In a move that would have been once unheard of in Australia, both Deeds Brewing (Breakfast of Kings, 10%) and Mr Banks (Ivy League, 13.2%) released Imperial pastry stouts in the weeks leading up to last Christmas.

But it was an entirely natural step for Deeds’ head brewer Justin Corbitt who said they had witnessed real momentum towards these styles, which was in close correlation to what was happening in his original homeland.

“In 2019, and even the year before that, pastry stouts and the like were kind of like a big deal in the States. But then (in 2020 and now) it has just been hectic – here in Australia included. I feel like, all of a sudden, everybody is coming out with a pastry stout,” he said.

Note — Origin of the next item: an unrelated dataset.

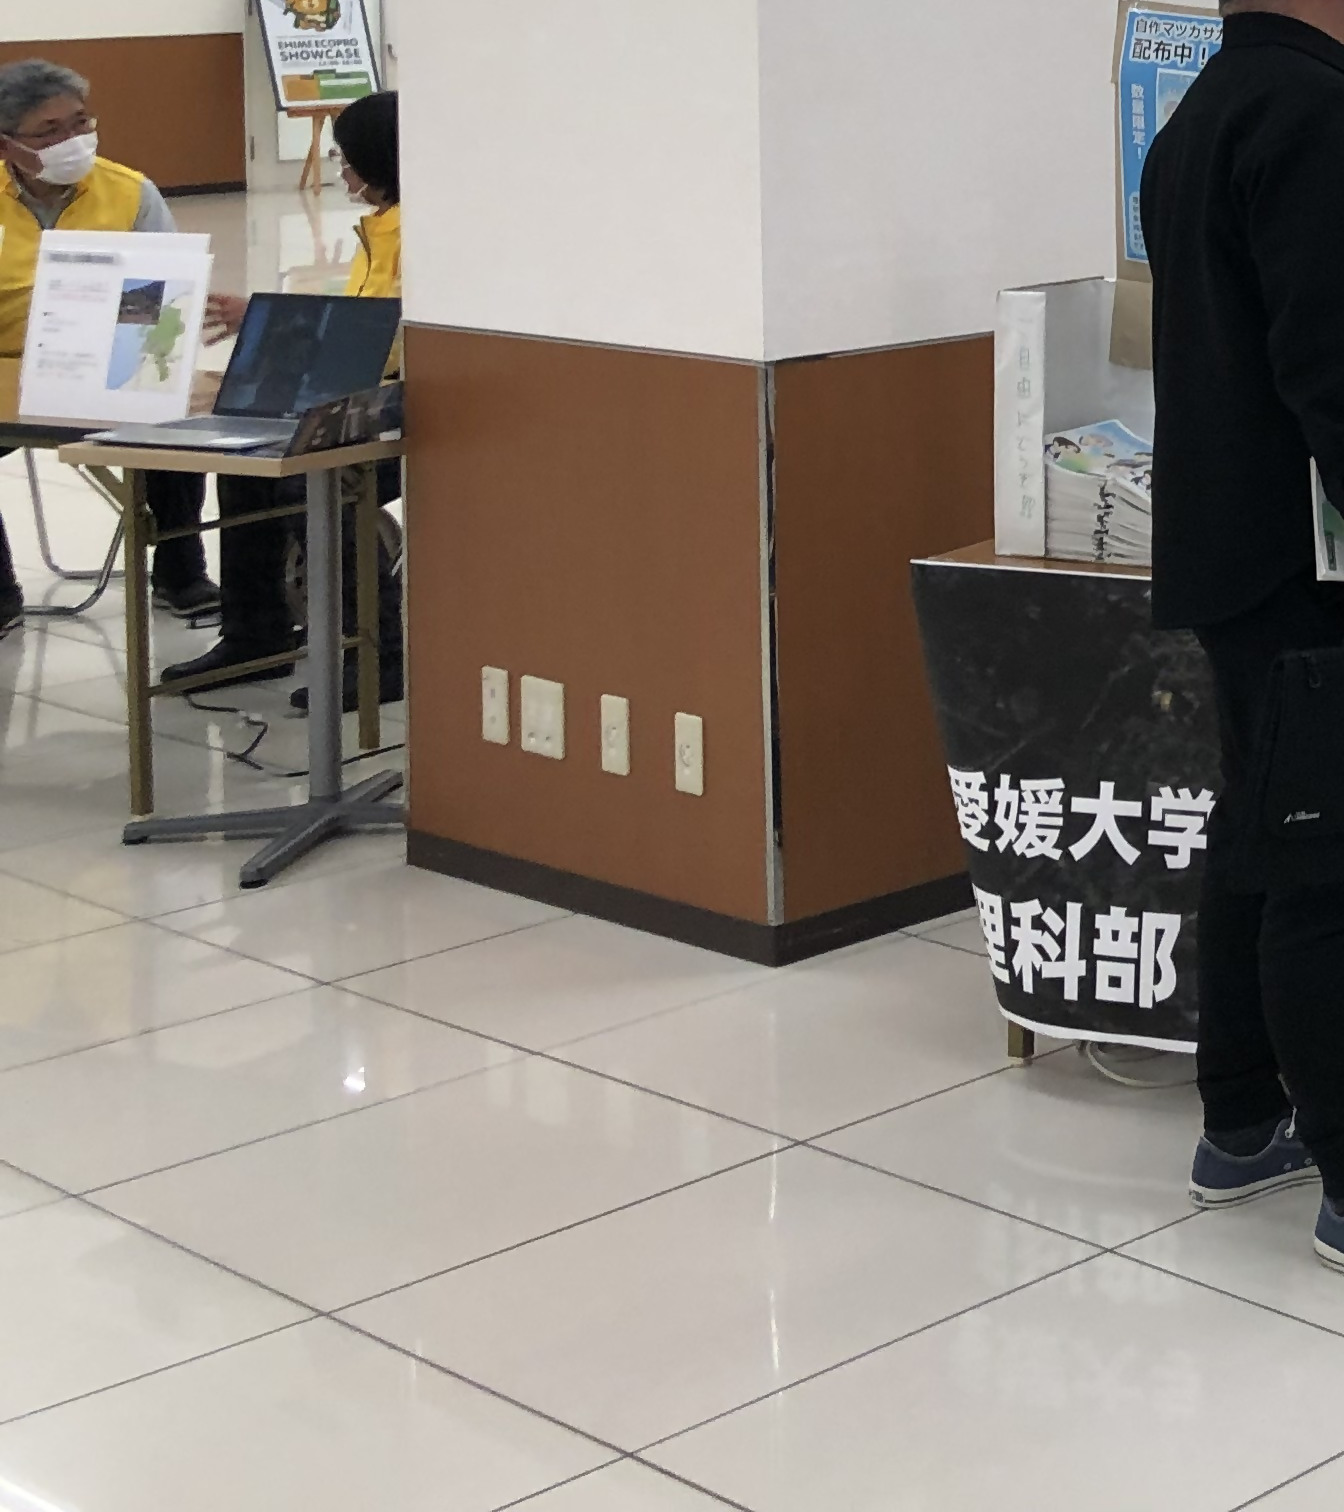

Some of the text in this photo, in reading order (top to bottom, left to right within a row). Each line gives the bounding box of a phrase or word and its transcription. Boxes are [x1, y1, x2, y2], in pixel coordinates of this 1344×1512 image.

[280, 48, 361, 61] SHOWCASE
[1132, 37, 1207, 66] 配布中!

“Originally, your big style stouts, whether that’s Imperial or bourbon barrel or pastry, they’re very much targeted to a Winter release because they’re big and heavy and warming. Traditionally you’re not wanting one when it’s 40 degrees out – you know.

“But I think this idea of it being an annual thing, where a dark heavy beer is only good for around June, July and August, is over in Australia.

“It wouldn’t surprise me if you see big stouts popping up every month of the year.”

Whilst not overtly big in alcohol terms, Bad Shepherd’s Peanut Butter Porter (6.4%) has had a substantial impact on the Cheltenham brewery’s sales chart since joining their core range in the middle of last year.

It was their top selling beer through the Winter of 2020, outselling their lager and pale ale in the process. To cap its meteoric rise, the core range porter, that takes its flavour inspiration from a peanut butter fudge ball dipped in chocolate, would win Gold in the Hybrid Beer category at last year’s Indies before snaring the coveted final spot in 2020’s Hottest 100. It was the third highest ranked dark beer behind Ballistic’s Mexican Hot Choc Stout (55th) and Your Mates’ Donnie Dark Ale (68th).

Bad Shepherd’s Dereck Hales

Bad Shepherd’s managing director and brewer Dereck Hales said because they attracted a new customer base, and the fact there were less breweries operating in the space, they were seeing their sweeter, darker beers, like the Peanut Butter Porter and Sticky Date Stout, gaining a much wider distribution than their paler beers.

After following up the Peanut Butter Porter with a peanut butter and jam barrel-aged version last year, which sold well too, Dereck said they would now be doing a peanut butter and “something” barrel-aged beer every year.

“We never intended it. I’m a hoppy guy myself,” he said. “But every time we’ve made a dark beer it’s taken hold. So, hey, that’s good enough for me and we’ll go with it!”